Task statement: Lines before the one containing "Some of the words" are left out; copy that line and every later line through the end of the data exactly.

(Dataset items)
Start of Block

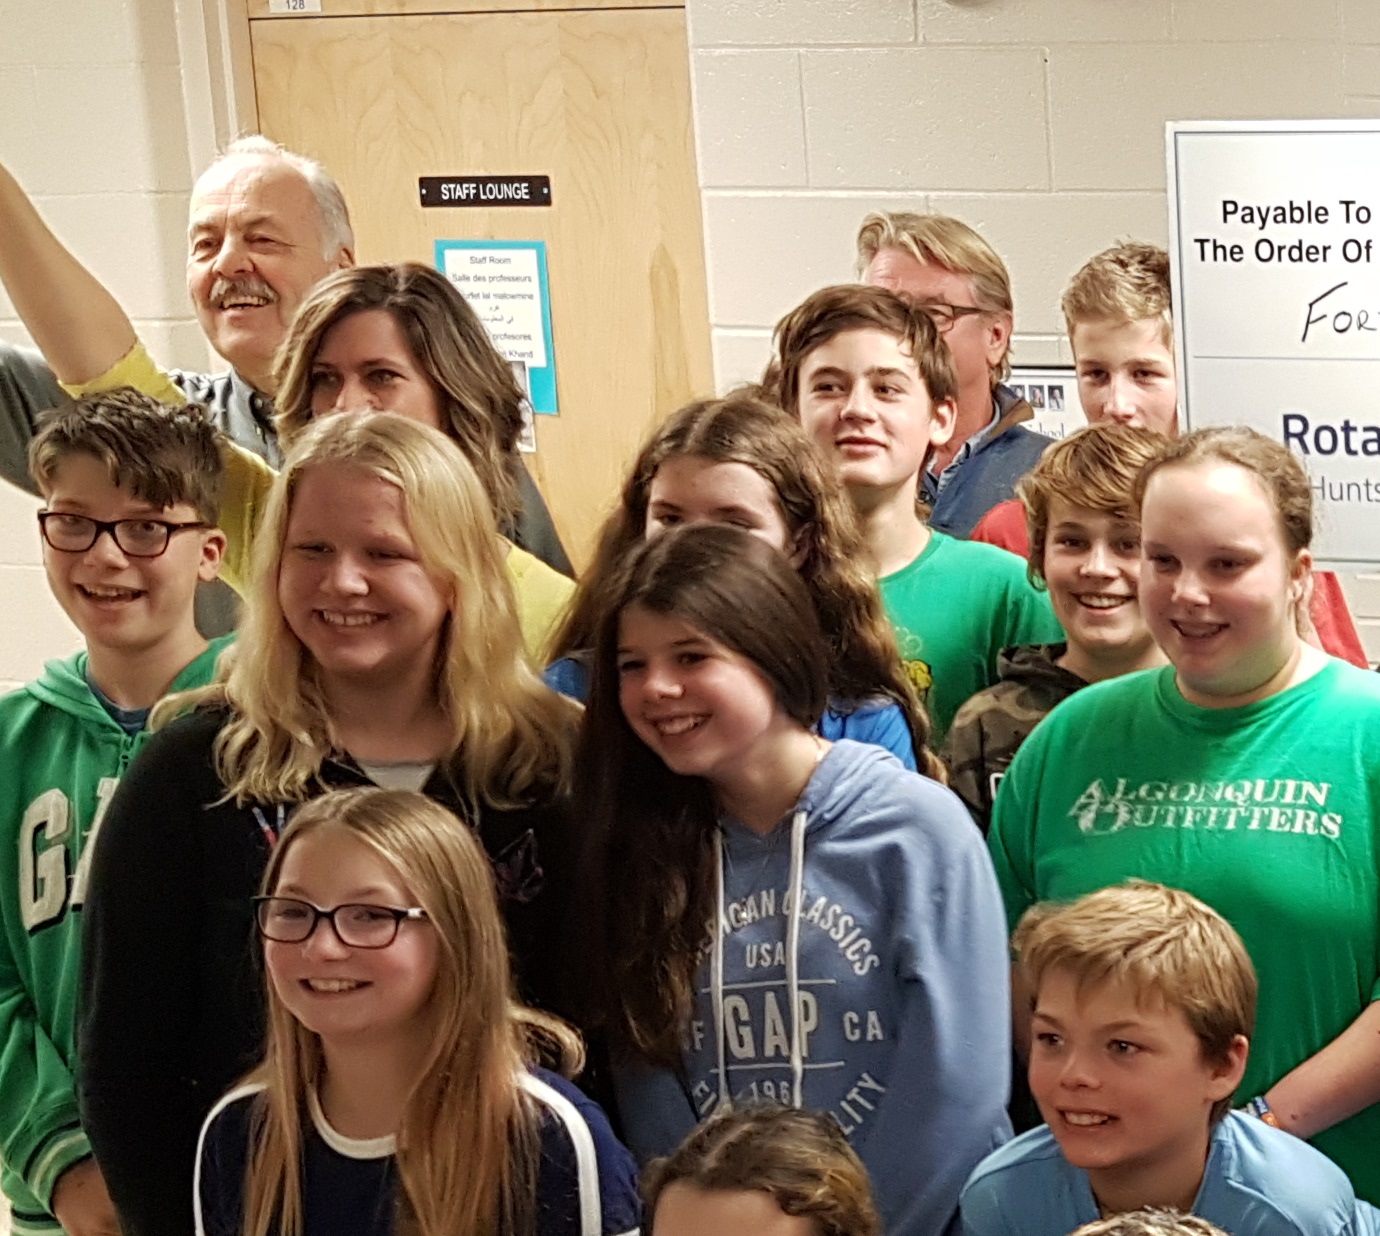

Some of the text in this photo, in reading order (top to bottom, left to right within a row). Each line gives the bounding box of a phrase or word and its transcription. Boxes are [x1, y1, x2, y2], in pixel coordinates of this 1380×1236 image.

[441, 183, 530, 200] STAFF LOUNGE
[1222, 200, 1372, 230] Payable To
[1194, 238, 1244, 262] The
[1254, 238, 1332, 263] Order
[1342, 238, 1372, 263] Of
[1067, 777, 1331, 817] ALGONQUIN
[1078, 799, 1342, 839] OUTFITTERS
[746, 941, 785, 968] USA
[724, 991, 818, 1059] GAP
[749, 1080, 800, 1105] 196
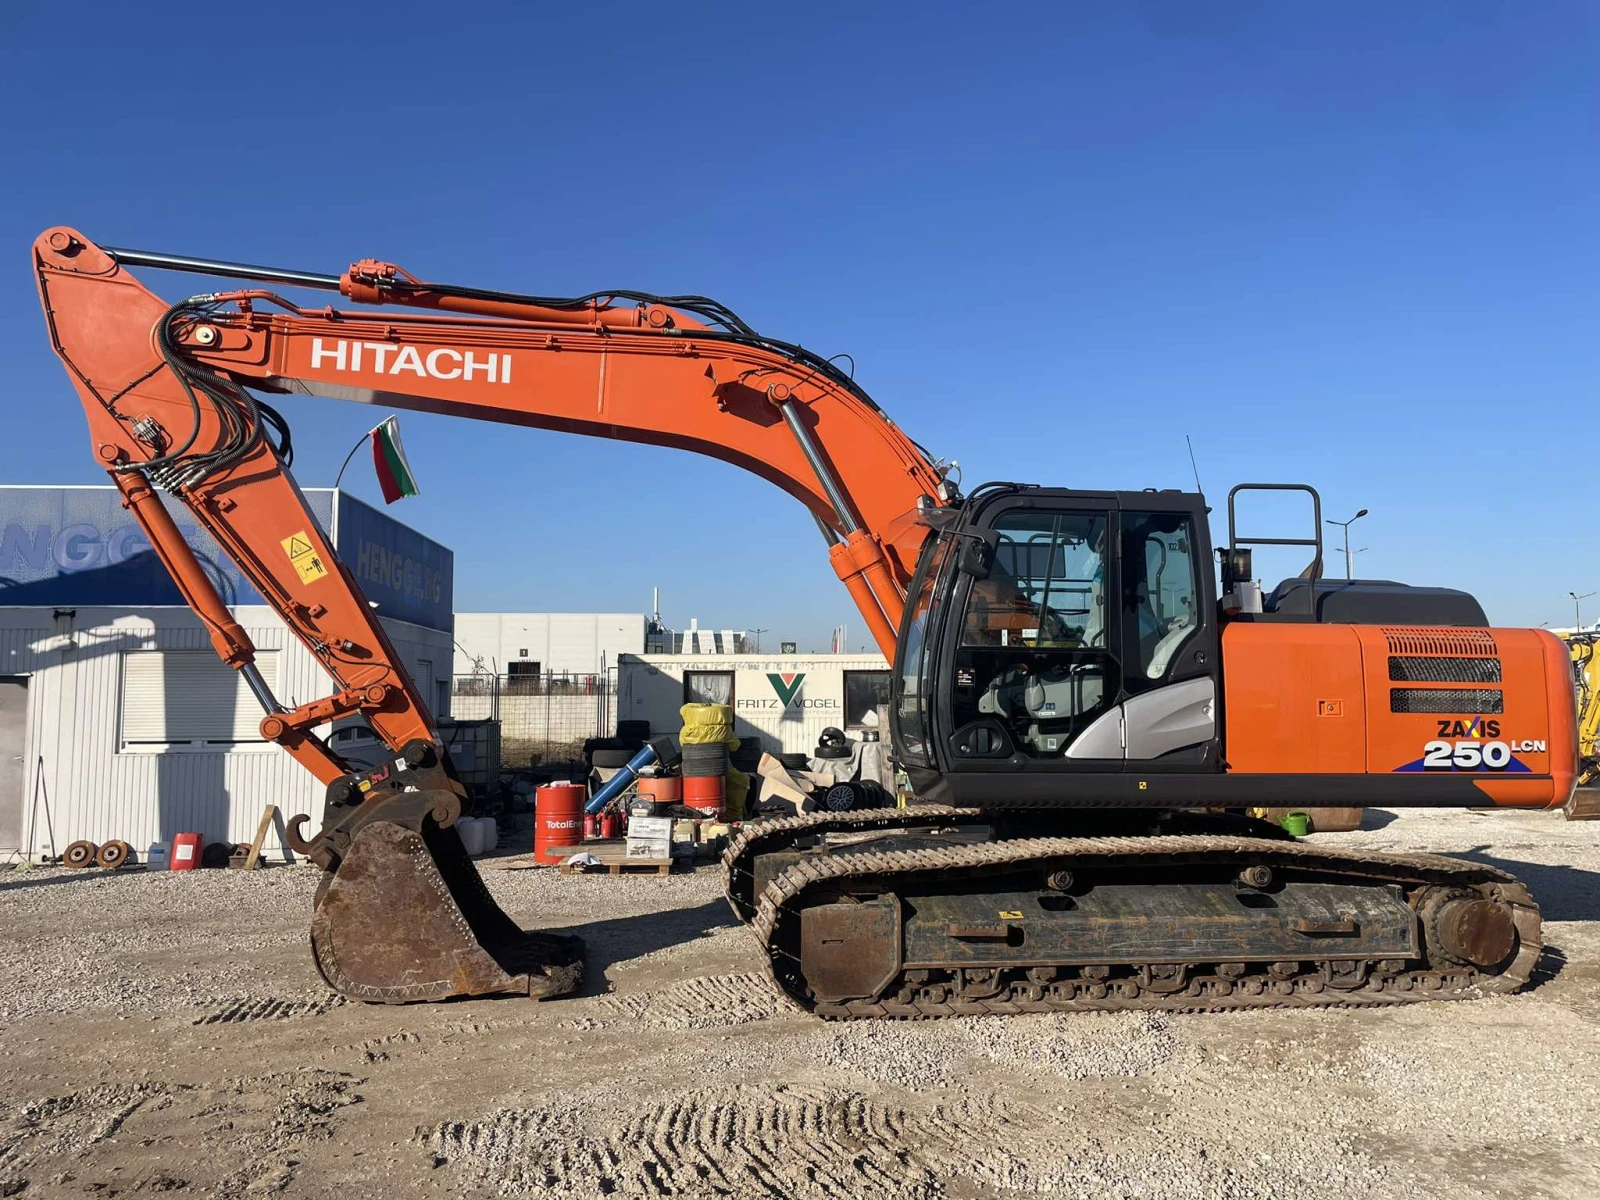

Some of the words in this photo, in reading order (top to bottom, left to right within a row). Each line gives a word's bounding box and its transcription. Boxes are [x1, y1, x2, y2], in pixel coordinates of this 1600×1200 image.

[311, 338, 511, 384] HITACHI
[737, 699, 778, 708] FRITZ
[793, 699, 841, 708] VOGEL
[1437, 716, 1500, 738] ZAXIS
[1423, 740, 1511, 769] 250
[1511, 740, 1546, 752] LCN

End of Block

Response to the exercise:
Some of the words in this photo, in reading order (top to bottom, left to right within a row). Each line gives a word's bounding box and its transcription. Boxes are [x1, y1, x2, y2], in pixel coordinates of this 1600×1200 image.

[311, 338, 511, 384] HITACHI
[737, 699, 778, 708] FRITZ
[793, 699, 841, 708] VOGEL
[1437, 716, 1500, 738] ZAXIS
[1423, 740, 1511, 769] 250
[1511, 740, 1546, 752] LCN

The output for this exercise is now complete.